Go through the listing and repeat each entry exactly, but include no pictures.

========================================================================

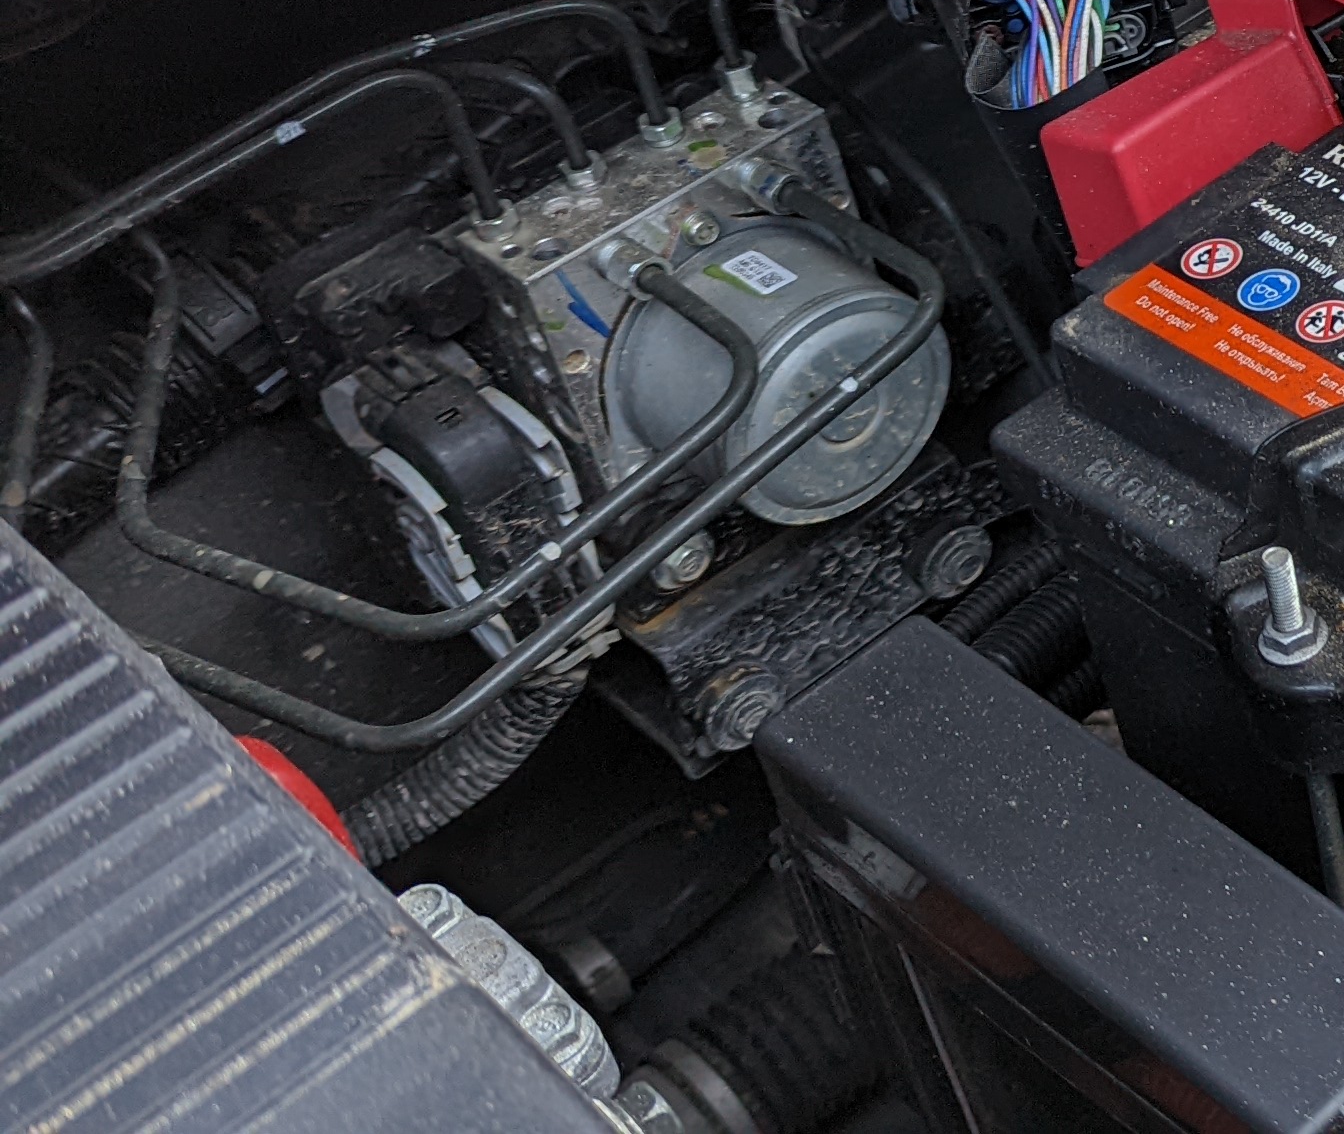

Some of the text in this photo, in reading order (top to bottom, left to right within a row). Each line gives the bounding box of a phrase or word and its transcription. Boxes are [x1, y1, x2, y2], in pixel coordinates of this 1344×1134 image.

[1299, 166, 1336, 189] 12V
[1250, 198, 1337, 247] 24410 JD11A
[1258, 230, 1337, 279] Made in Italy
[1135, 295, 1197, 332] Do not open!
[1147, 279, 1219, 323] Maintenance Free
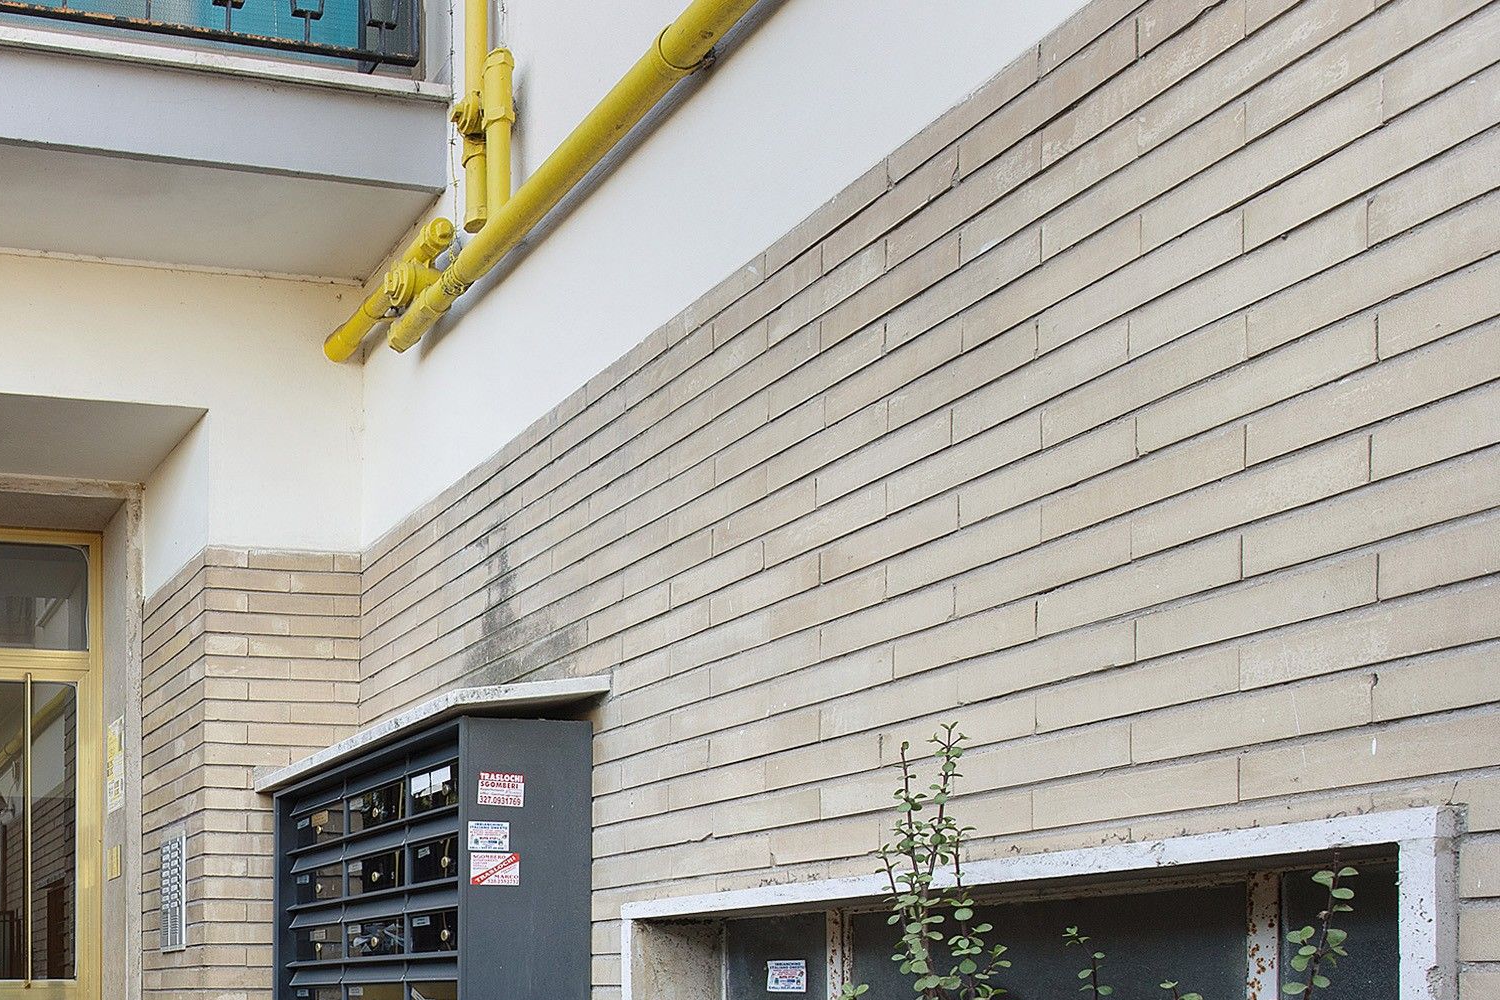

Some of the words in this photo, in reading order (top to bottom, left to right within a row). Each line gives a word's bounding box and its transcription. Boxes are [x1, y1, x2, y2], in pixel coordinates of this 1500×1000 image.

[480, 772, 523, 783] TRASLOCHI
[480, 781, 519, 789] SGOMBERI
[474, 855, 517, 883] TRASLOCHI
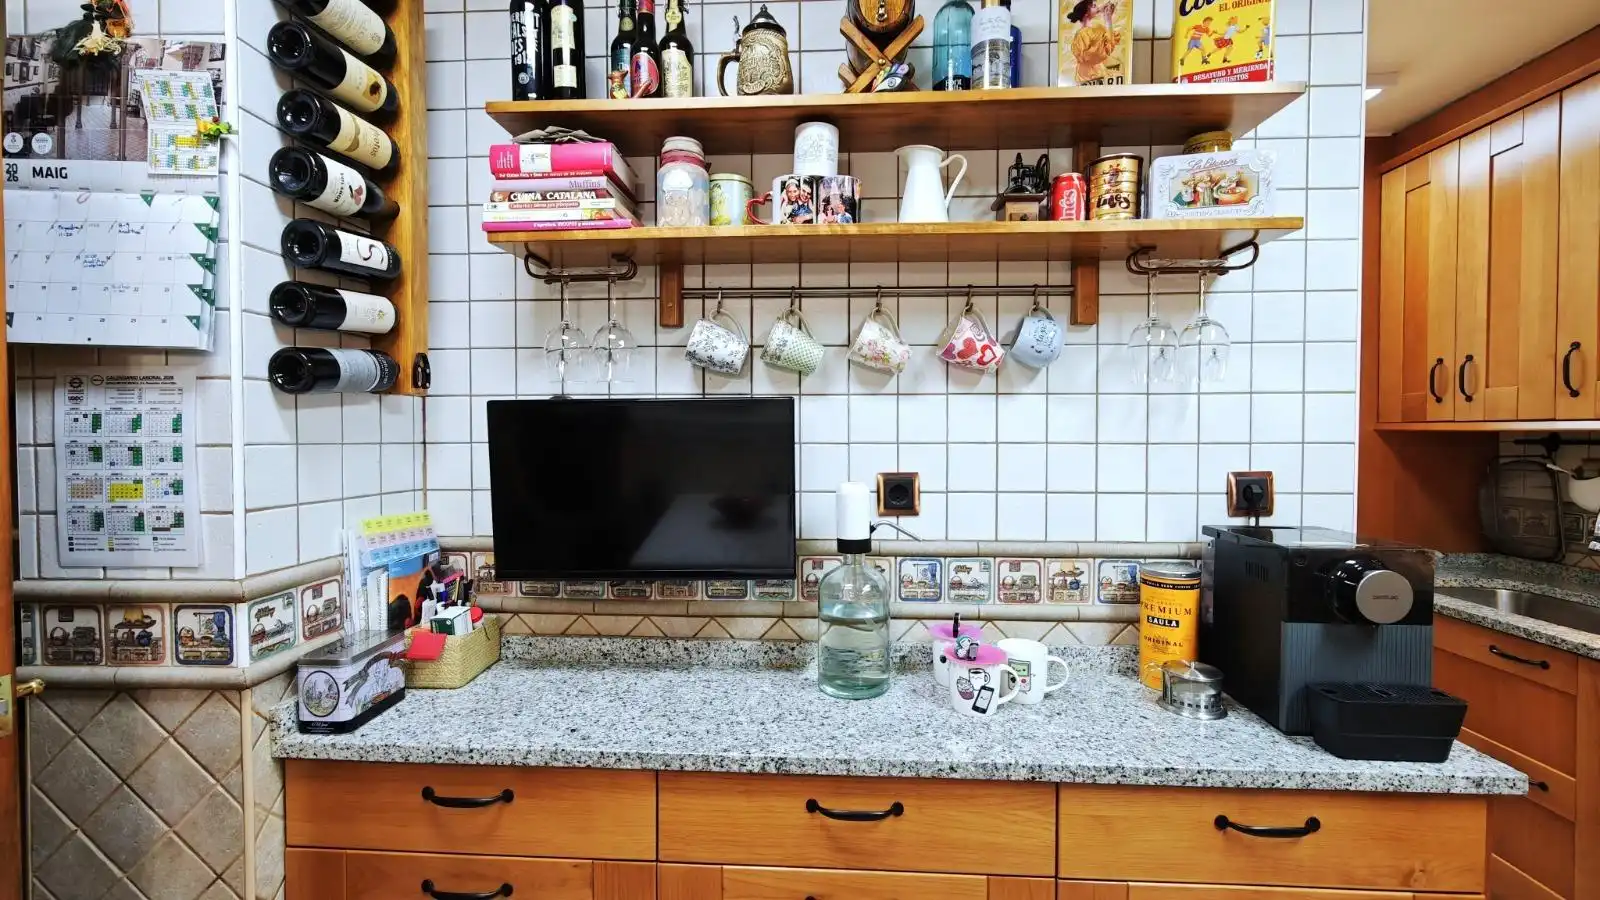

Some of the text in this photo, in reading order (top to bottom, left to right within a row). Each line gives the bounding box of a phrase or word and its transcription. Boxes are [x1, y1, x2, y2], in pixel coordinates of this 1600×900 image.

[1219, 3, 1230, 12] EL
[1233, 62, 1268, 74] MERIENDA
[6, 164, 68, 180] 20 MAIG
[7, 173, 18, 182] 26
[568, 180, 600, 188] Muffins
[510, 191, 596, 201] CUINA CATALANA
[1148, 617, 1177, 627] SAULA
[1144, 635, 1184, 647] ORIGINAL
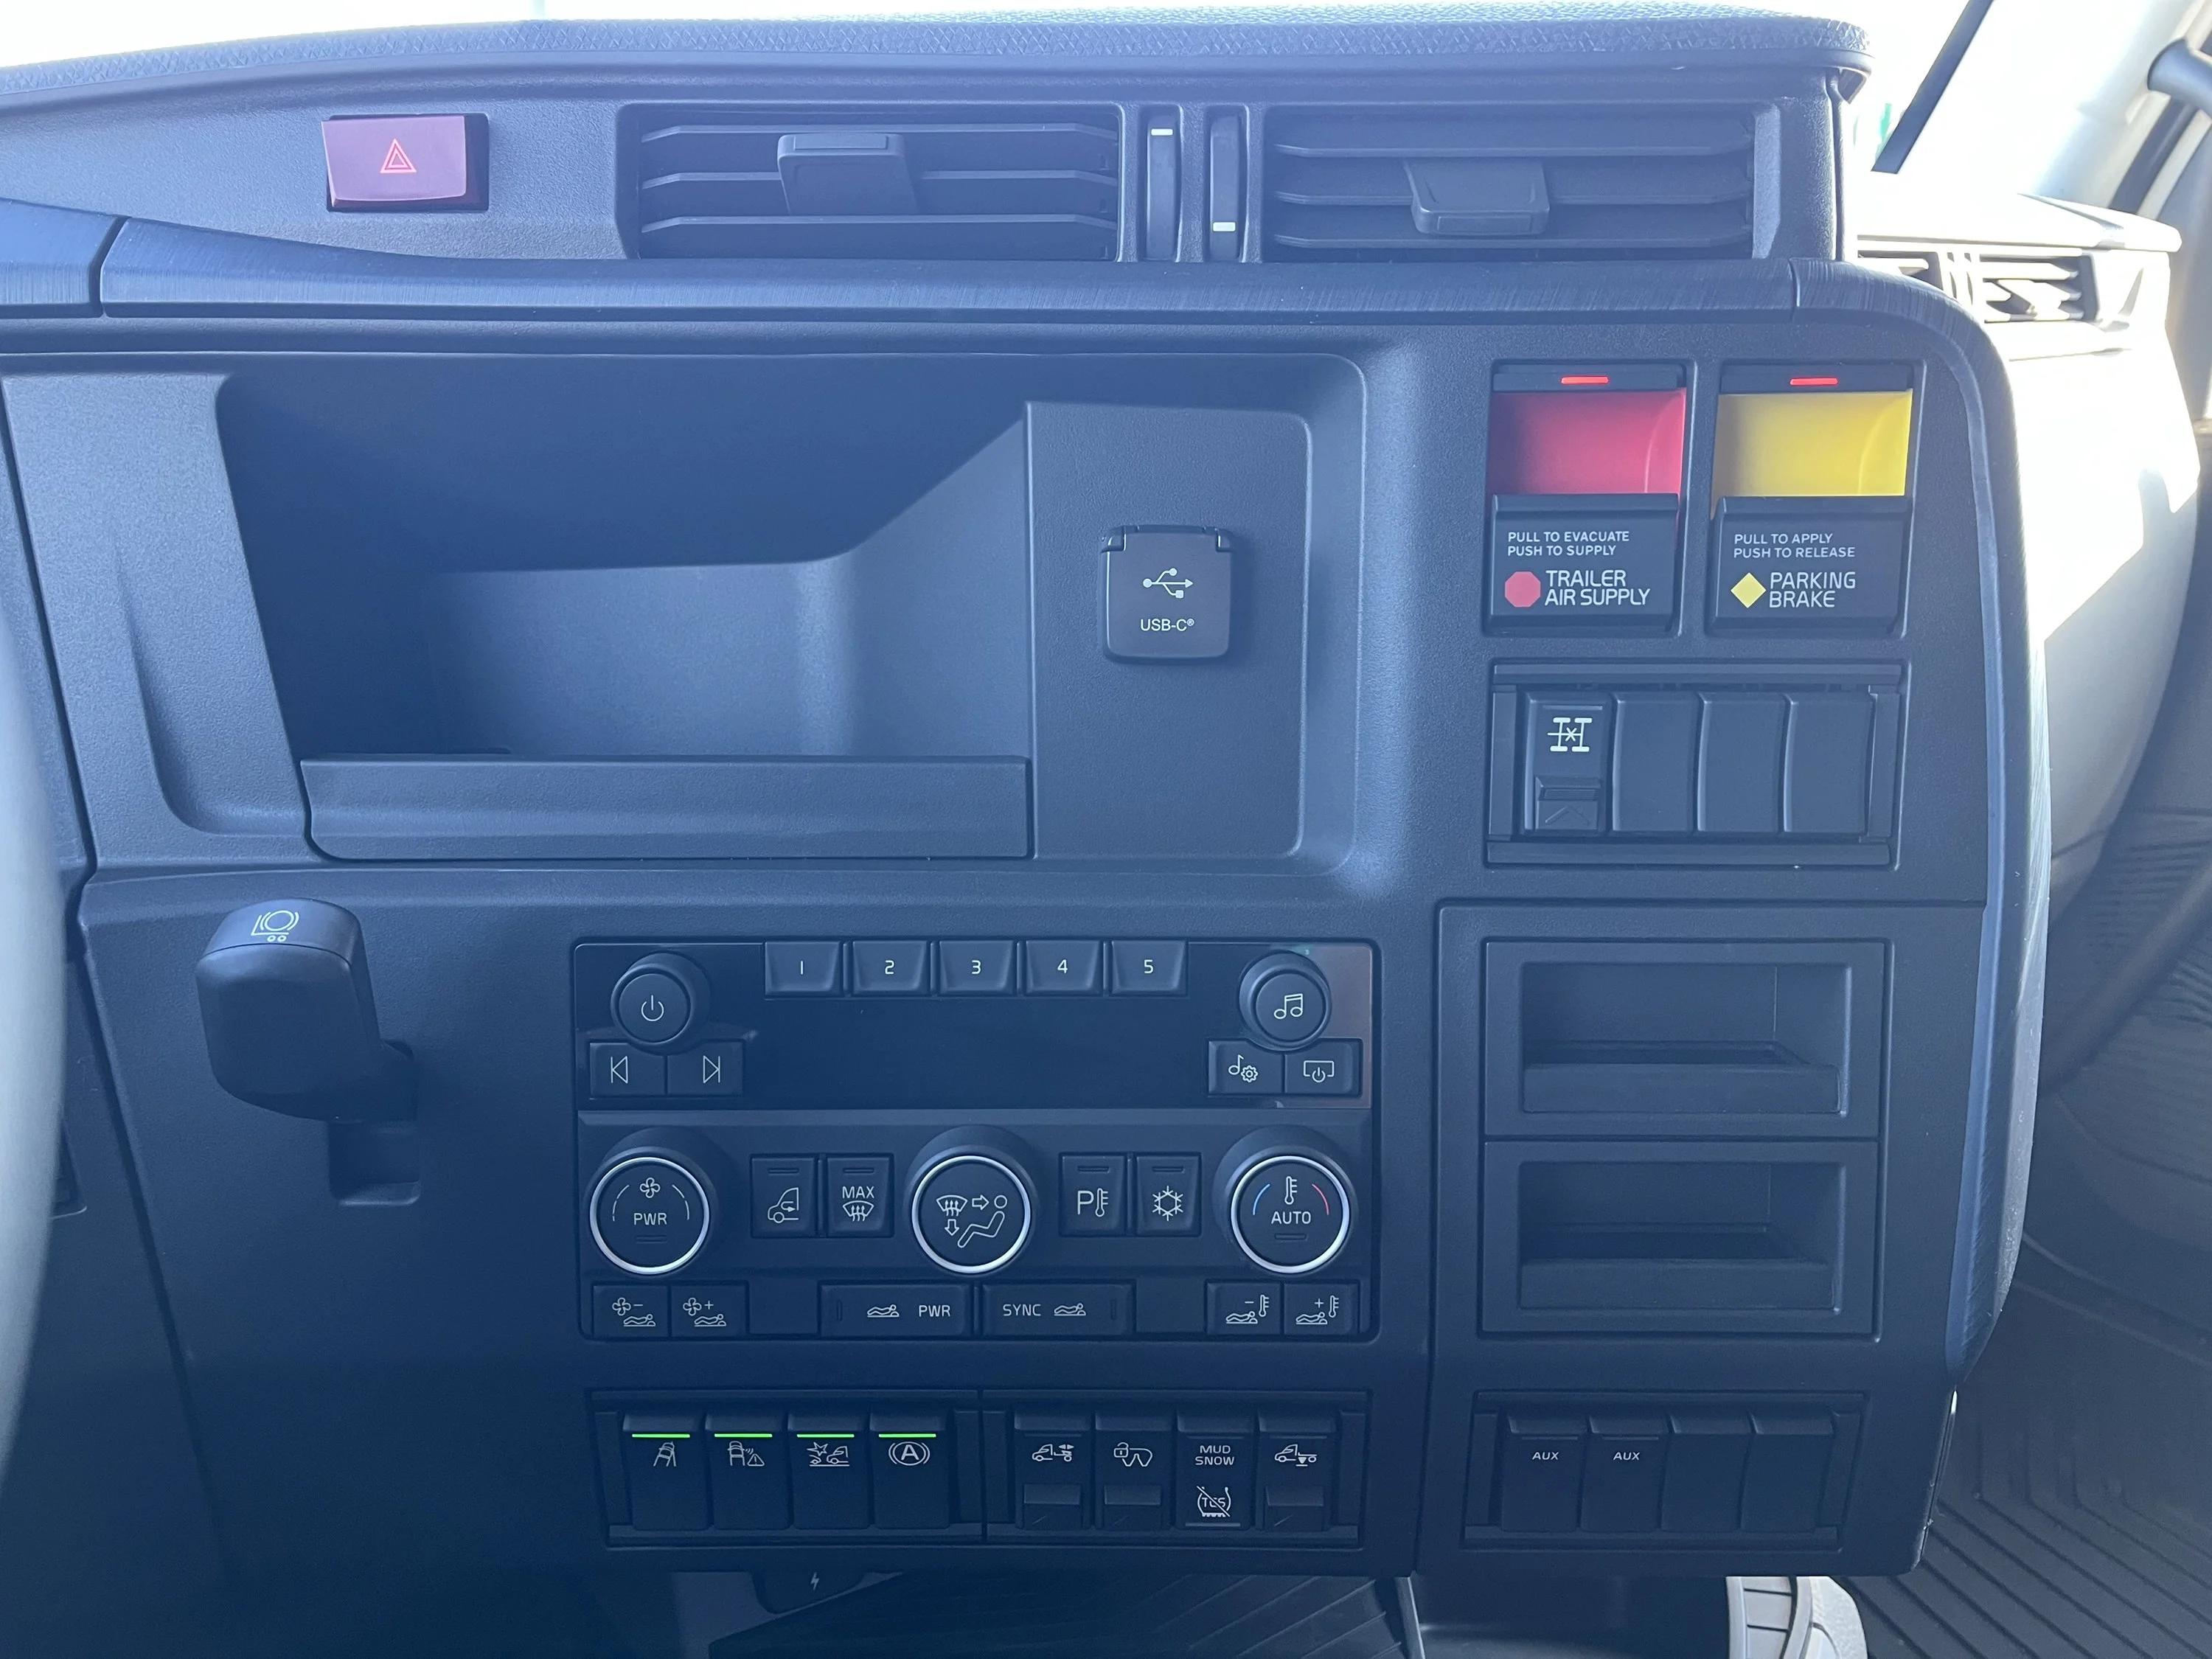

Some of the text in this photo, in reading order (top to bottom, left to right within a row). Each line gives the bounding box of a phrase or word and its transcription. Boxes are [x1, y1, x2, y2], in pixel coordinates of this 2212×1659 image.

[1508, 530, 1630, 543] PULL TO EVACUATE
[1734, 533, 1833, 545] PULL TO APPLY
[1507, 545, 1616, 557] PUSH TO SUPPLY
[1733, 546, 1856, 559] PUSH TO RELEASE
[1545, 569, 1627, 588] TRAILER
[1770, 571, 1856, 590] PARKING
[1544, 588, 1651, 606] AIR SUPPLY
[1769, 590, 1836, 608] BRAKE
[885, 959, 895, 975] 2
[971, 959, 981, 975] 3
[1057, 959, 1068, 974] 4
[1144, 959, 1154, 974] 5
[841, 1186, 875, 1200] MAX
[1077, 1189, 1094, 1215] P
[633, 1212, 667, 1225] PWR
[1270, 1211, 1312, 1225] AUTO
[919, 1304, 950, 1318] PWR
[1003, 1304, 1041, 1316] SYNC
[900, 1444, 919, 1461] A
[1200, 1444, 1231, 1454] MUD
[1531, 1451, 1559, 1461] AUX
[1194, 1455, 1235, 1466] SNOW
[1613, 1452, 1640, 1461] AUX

========================================================================

» **SOLUTION**
Some of the text in this photo, in reading order (top to bottom, left to right within a row). Each line gives the bounding box of a phrase or word and its transcription. Boxes are [x1, y1, x2, y2], in pixel coordinates of this 1344×1134 image.

[1299, 166, 1336, 189] 12V
[1250, 198, 1337, 247] 24410 JD11A
[1258, 230, 1337, 279] Made in Italy
[1135, 295, 1197, 332] Do not open!
[1147, 279, 1219, 323] Maintenance Free

Some of the words in this photo, in reading order (top to bottom, left to right within a row). Each line gives a word's bounding box and its transcription. Boxes are [x1, y1, x2, y2], in pixel coordinates of this 1500×1000 image.

[480, 772, 523, 783] TRASLOCHI
[480, 781, 519, 789] SGOMBERI
[474, 855, 517, 883] TRASLOCHI

Some of the text in this photo, in reading order (top to bottom, left to right within a row). Each line gives the bounding box of a phrase or word and its transcription. Boxes are [x1, y1, x2, y2], in pixel coordinates of this 1600×900 image.

[1219, 3, 1230, 12] EL
[1233, 62, 1268, 74] MERIENDA
[6, 164, 68, 180] 20 MAIG
[7, 173, 18, 182] 26
[568, 180, 600, 188] Muffins
[510, 191, 596, 201] CUINA CATALANA
[1148, 617, 1177, 627] SAULA
[1144, 635, 1184, 647] ORIGINAL

Some of the text in this photo, in reading order (top to bottom, left to right within a row). Each line gives the bounding box of a phrase or word and its transcription. Boxes are [x1, y1, x2, y2], in pixel coordinates of this 2212×1659 image.

[1508, 530, 1630, 543] PULL TO EVACUATE
[1734, 533, 1833, 545] PULL TO APPLY
[1507, 545, 1616, 557] PUSH TO SUPPLY
[1733, 546, 1856, 559] PUSH TO RELEASE
[1545, 569, 1627, 588] TRAILER
[1770, 571, 1856, 590] PARKING
[1544, 588, 1651, 606] AIR SUPPLY
[1769, 590, 1836, 608] BRAKE
[885, 959, 895, 975] 2
[971, 959, 981, 975] 3
[1057, 959, 1068, 974] 4
[1144, 959, 1154, 974] 5
[841, 1186, 875, 1200] MAX
[1077, 1189, 1094, 1215] P
[633, 1212, 667, 1225] PWR
[1270, 1211, 1312, 1225] AUTO
[919, 1304, 950, 1318] PWR
[1003, 1304, 1041, 1316] SYNC
[900, 1444, 919, 1461] A
[1200, 1444, 1231, 1454] MUD
[1531, 1451, 1559, 1461] AUX
[1194, 1455, 1235, 1466] SNOW
[1613, 1452, 1640, 1461] AUX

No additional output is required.